Try the following tips to ease anxiety:
1. Visit the school beforehand with your child, especially his own classroom. If this isn't possible, see if you can visit alone and take some pictures, or ask the teacher to email you some pictures. A visual preparation of what to expect can make it easier to visualize and prepare mentally. Visit with the teacher if you can, and do a bit of a walkaround of the classroom. This is an ideal time to talk about your child's optimal learning environment with the teacher.
2. Try to obtain some of the curriculum and/or lessons that will be taught this year. If the teacher doesn't have this planned out yet, you can visit your State or Province's Department/Ministry of Education website; curriculum can be either downloaded or ordered. In Ontario, you can download the curriculum (by subject or by grade) at http://www.edu.gov.on.ca/eng/curriculum/elementary/grades.html, or click on "Publications" to have them send the books to you at no cost. You will need to order each subject. Having the curriculum at hand allows you to pre-teach, making school a little more predictable.
3. Drive the bus route a few times to practise. Many school boards send around a bus route list. Drive the whole route, including having your child get into the car where he/she will be catching the bus. Borrow a few neighbourhood kids to make it a little more realistic. If your child is younger, he/she may carry a picture of the school bus along this ride to generalise a little easier.

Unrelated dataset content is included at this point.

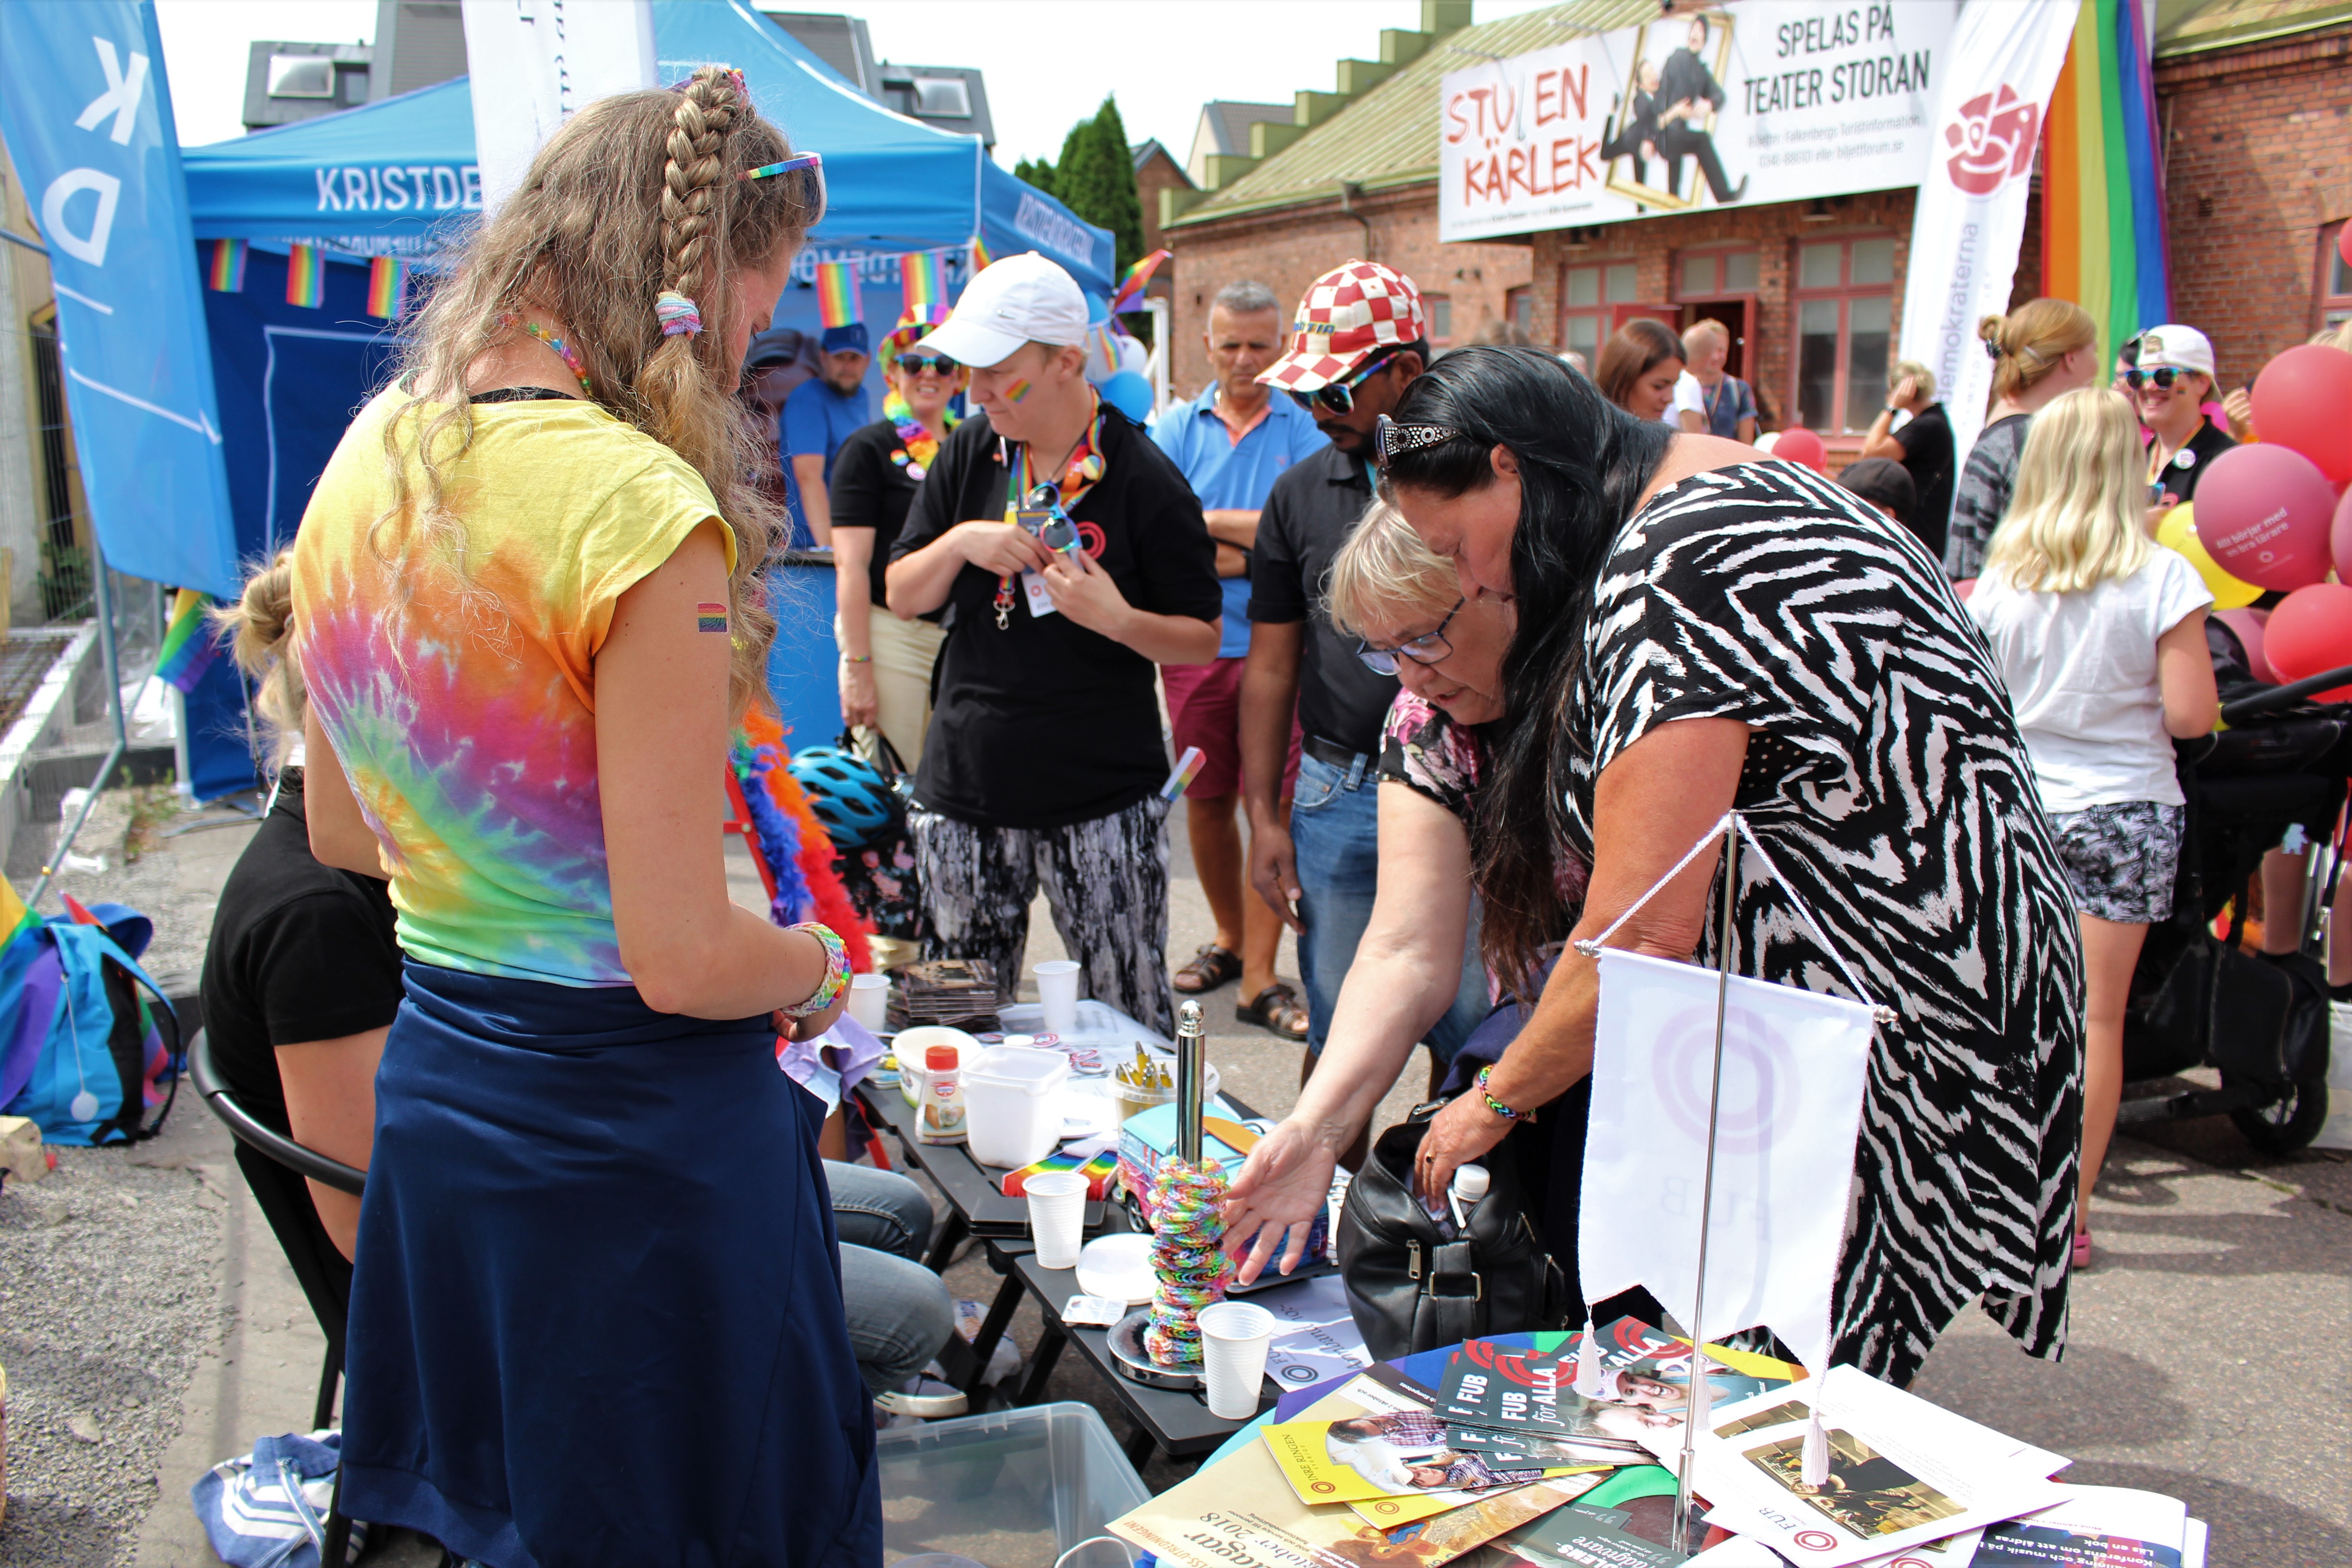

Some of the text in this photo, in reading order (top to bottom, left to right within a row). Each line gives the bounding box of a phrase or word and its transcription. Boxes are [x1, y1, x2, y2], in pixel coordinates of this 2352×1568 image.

4. Write a social story about what to expect, acknowledging feelings of anxiety, and providing some illustrated examples for reducing anxiety throughout the day (deep breathing, square breathing, Tony Attwood's toolbox, etc). Visit www.fullspectrumlearning.ca/resources.html for some examples. Try to include real photos of the school in the story, and script out the major transitions throughout the day - arrival, getting to the classroom, going to the washroom, lunch, recess, and return hom. Read the story daily, and talk about what might happen. If there are specific anxieties, write social stories for those as well.
5. See if you can arrange for an earlier or later start time on the first few days. Sometimes, the commotion of the first few days, especially at arrival time, can be overwhelming. At the very least, try to arrange a quiet spot for your child to wait as soon as he gets there to avoid some of the chaos.
What have you done to ease school transition and create success? Please click on our forums above to share your ideas, or post a comment to this blog!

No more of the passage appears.